The wurm tried many times to snap its jaws shut, but the broken fragment of the
spear kept its mouth lodged open, frothy saliva drooling down its neck.

Pulling with all her strength, Tyrissa yanked the
head of the wurm upward, nearly bending it to a right angle around her knee.
For an instant they stared at each other, glossy black beads against blue
sparkling in fury, hunter and hunted. She had a clear view to the back of the
wurm’s throat. Tyrissa gripped her knife tighter and drove it deep into the
beast’s mouth, her arm scrapping against the bottom row of teeth and opening up
fresh cuts. Her attack struck bone and sent a shock of pain through her wrist.
Jerking her arm back within the creature’s mouth she made another thrust aimed
further back and higher. This time she hit soft flesh and a spurt of hot blood
washed over her hand, mixing with the wurm’s foul-smelling saliva. The wurm let
out a pitiful squeal as the knife slipped into its small brain and its
struggles shifted from violent resistance to nervous, residual twitches.

Tyrissa untangled herself from the wurm and
rolled away to lie on her back. Panting as if she hadn’t breathed through the
entire ordeal, she craned her neck to look over at her brothers. Sven was
wide-eyed and covered in mud from the chest down, but otherwise in one piece.
Oster looked impressed and a touch frightened.

Lying there, arm coated in wurm blood from the
elbow down, the rest of her body splashed with mud and new-found exhaustion
Tyrissa said, “
Now
we can go home.”

Chapter Two

 

It took the better part of an hour to return home
by way of the winding but still well-traveled ‘Hunter’s Trail’, as Tyrissa
called it. Their catch, while not overly heavy, was cumbersome and required all
three of them to carry. The delineation between civilization and wilderness was
sudden, the Morgwood vanishing around them to become pasture with aged stumps
poking out among the grass. Tyrissa couldn’t help but frown at the constantly
advancing boundary of Edgewatch Village, but the feeling passed as the close
embrace of the forest was replaced by the warm familiarity of home.

With each passing year, Edgewatch ‘Village’
became more of a misnomer.
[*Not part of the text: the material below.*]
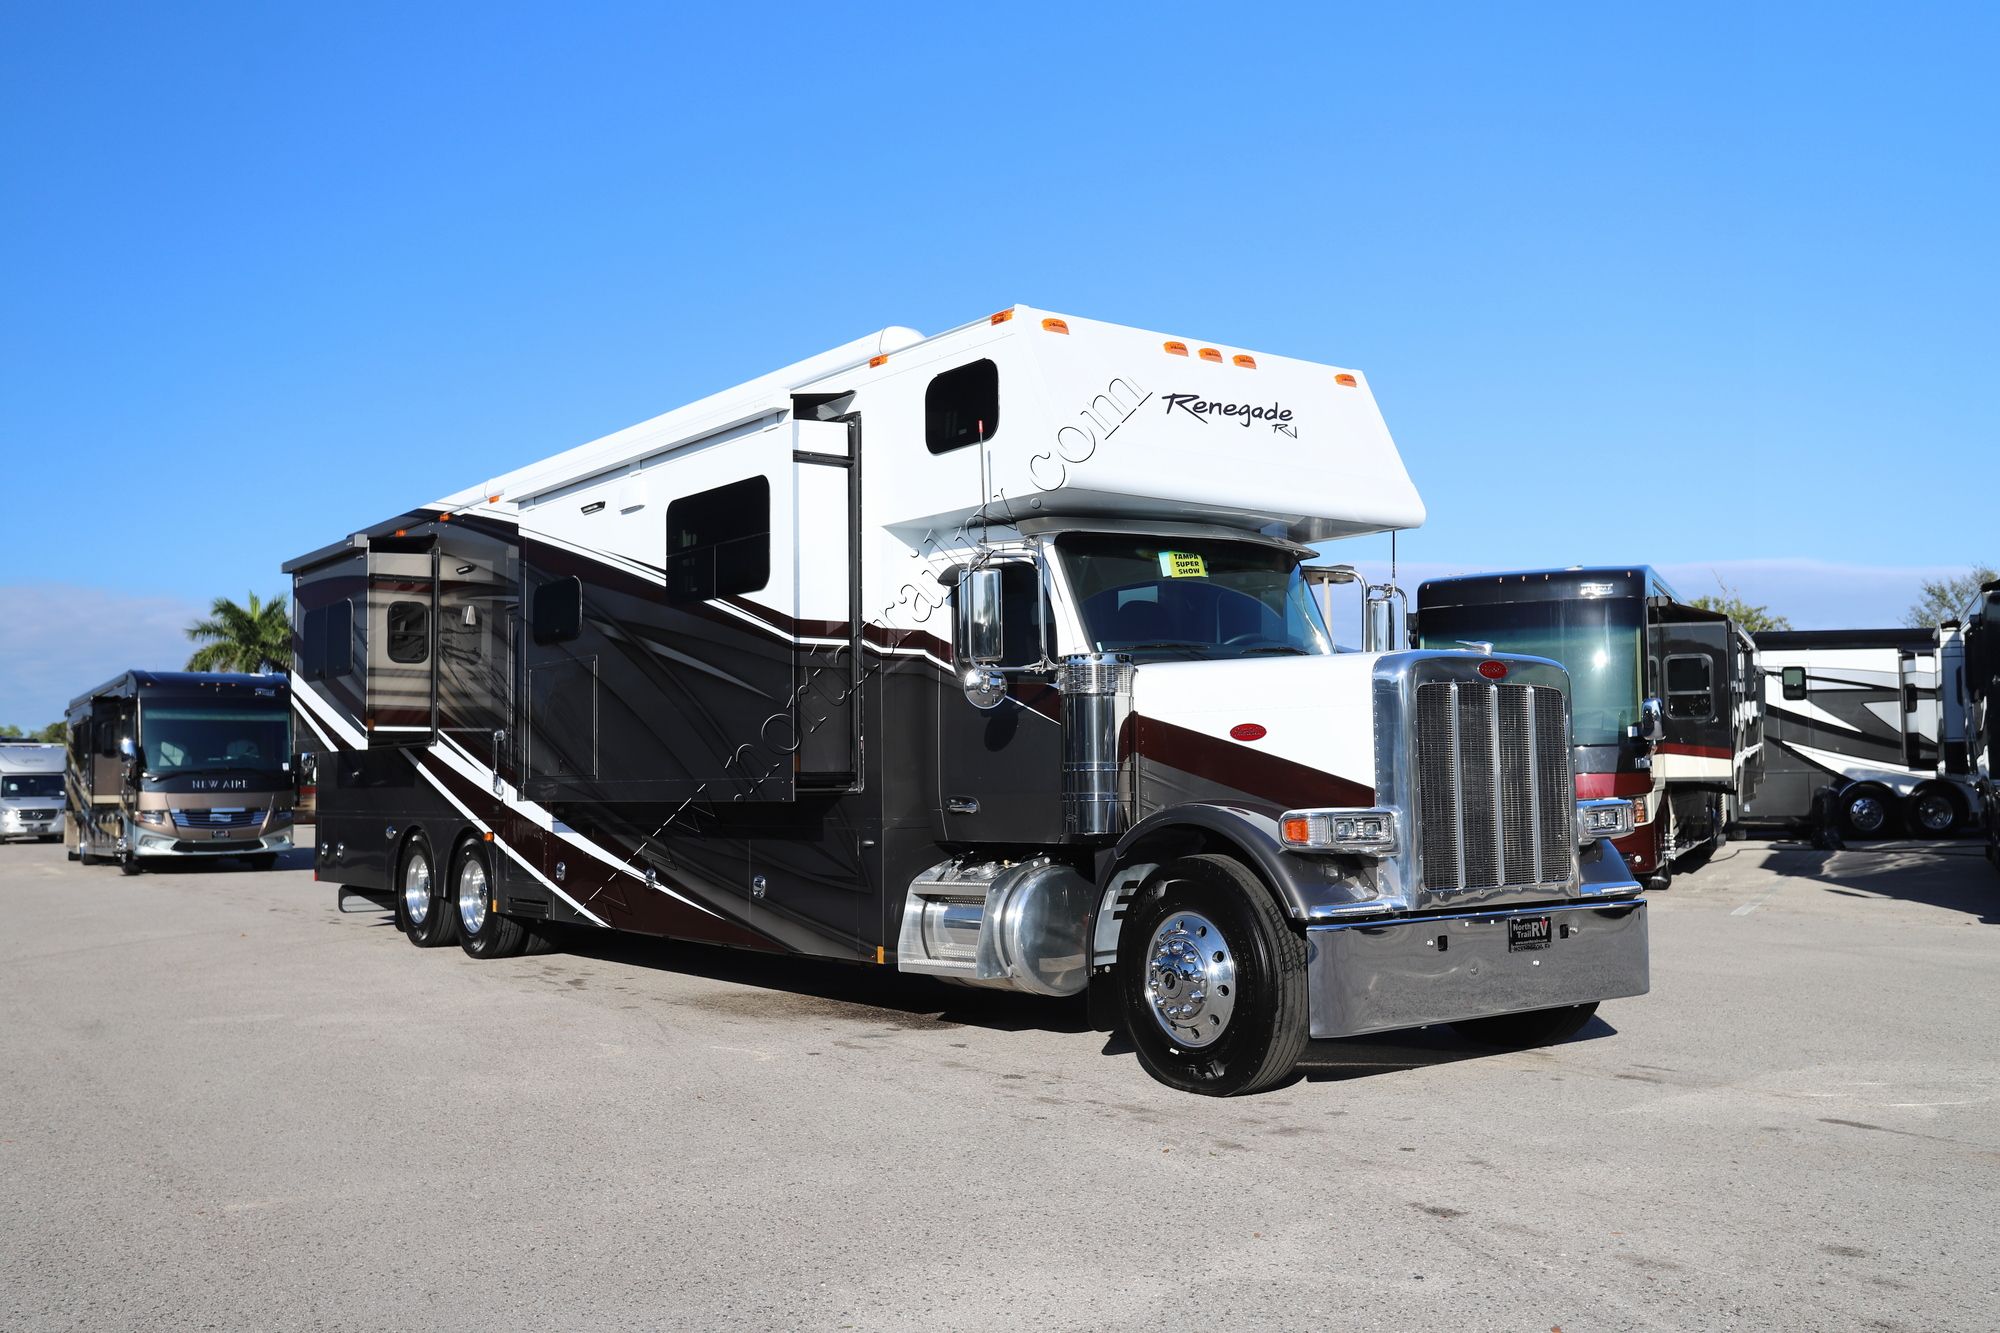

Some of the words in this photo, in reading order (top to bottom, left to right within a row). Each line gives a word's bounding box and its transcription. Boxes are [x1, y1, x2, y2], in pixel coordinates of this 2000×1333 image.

The original village, built around an old hilltop
watch tower nestled within the edge of the Morgwood, was now but a small
section of a much larger town growing in the cleared fields south of the hill.
With the exception of the weather-worn, pyramidal-roofed stone temple to the
old Morg gods, every standing building in Edgewatch was less than twenty years
old, built after the butchery of the Cleanse by survivors of the original
village and the flood of refugees from the surrounding area.

The Jorensen home stood among the relatively
older upper section of town, a ring of fifteen homes built around the original
village green with its massive, preserved fir tree in the center. Anchoring the
north and south points of the ring were the temple and the crumbled ruins of
the watchtower that lent the town its name. In the afternoon shadow of the
great fir, Alli Forran, the lead schoolmistress, had a class of about a dozen
younger children sitting in two rows, each with a lapboard of brown wood for
the day’s lesson. The trio drew some looks as they crossed the village green,
though only the smaller children granted any lingering attention. Tyrissa had a
reputation for emerging from the forest looking like hell with a smile on her
face. It was considered some approximation of normal.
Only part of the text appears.